I generally enjoyed this book (the narrative was compelling) and found it to be an easy way to develop a feel for the general geography and challenges that a come with a Taiwan conflict.

The device for this book is really clever. The actual book is obviously about events that haven't yet happened and are in the future. But within the book, the author mentions the decision to write this as a narrative history a la Killer Angels as a way of bringing the "historical" people within it to life for a new generation. This confusing to recount but is quite clever within the book.

As of the end of 2023 (and I guess early 2024), the book feels remarkably current. There's lots in it about Ukraine and Russia that feels like it could've been written ~a week ago.

One of the most interesting aspects of the book to me was the degree to which fooling the other side's AI through feeding it false data is the key to victory. You can't beat the algorithm, but you can misdirect it.

Space Force features prominently. I wonder how true to life this part is.

For about the first ~1/3 of the book there's a lot of discussion about "bespoke algorithms", which made me chuckle. What does that even mean?

I wish I had as much faith in US industrial capacity as the author does!

The ending felt like the author decided he was done. It made me think that the most likely equilibrium for such a conflict was a stalemate where China can't quite be pushed off the island but also can't quite control it.
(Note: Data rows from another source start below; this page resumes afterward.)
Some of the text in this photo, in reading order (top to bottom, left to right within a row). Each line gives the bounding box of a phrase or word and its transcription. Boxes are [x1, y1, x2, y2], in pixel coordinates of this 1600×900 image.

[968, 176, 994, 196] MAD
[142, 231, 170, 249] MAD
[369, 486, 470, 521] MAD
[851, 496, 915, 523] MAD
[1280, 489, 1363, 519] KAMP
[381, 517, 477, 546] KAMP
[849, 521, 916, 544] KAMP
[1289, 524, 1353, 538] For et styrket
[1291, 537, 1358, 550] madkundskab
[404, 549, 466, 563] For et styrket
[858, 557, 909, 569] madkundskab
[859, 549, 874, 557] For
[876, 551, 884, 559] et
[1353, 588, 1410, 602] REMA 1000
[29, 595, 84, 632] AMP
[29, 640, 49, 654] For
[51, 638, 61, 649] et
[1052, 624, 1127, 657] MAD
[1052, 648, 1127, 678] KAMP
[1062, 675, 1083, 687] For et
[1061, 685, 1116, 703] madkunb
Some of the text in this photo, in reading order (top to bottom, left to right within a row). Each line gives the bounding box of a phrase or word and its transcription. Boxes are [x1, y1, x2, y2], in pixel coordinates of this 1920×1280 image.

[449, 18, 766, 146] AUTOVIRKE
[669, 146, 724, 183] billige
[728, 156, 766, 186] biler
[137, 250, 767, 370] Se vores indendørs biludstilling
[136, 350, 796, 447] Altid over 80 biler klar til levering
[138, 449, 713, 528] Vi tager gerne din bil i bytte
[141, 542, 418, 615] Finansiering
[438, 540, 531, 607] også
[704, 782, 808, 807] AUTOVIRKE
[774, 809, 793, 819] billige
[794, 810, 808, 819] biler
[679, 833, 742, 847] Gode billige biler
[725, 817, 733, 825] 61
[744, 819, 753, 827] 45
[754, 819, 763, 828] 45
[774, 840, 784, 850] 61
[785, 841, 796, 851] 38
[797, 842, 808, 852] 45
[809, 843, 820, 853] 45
Brian Potter on the Apollo Program

2023-12-29

Two things I took away from Brian Potter's recap of the Apollo Program:

  1. The mixture between "complicated" innovation and "brute force" innovation; to make the second stage rocket booster light enough to be effective took both totally new design concepts and simply shaving off weight wherever it could be taken off.

Not every effort at weight reduction was solved through clever (if complicated) ideas like cold-strengthened aluminum or the common bulkhead. Much of the effort was achieved by pure brute force: parts would be fabricated, tested until failure, and then redesigned to be slimmer until they broke at exactly the required load (scaled by an appropriate safety factor).

  1. The interaction between new designs, new materials, and new techniques. New designs almost always require a new material or a new technique to be used.

Worth reading!

The rise and fall of steel in Pittsburgh

2023-12-26

The furnace proved that coke made from the nearby Connellsville seam of bituminous coal was uniquely able to be used in the blast furnaces that transformed iron ore into pig iron. For decades, coke made with coal sourced elsewhere proved unusable — giving southwestern Pennsylvania an enviable competitive advantage as the second industrial revolution powered explosive demand for iron and then steel.

That technical innovation gave coal-rich Pittsburgh, which was already a successful region for energy-intensive industries like iron and glass, an overwhelming advantage in ore-based steel production.

via Chris Briem. Despite growing up in Pittsburgh, I found this explanation enormously helpful.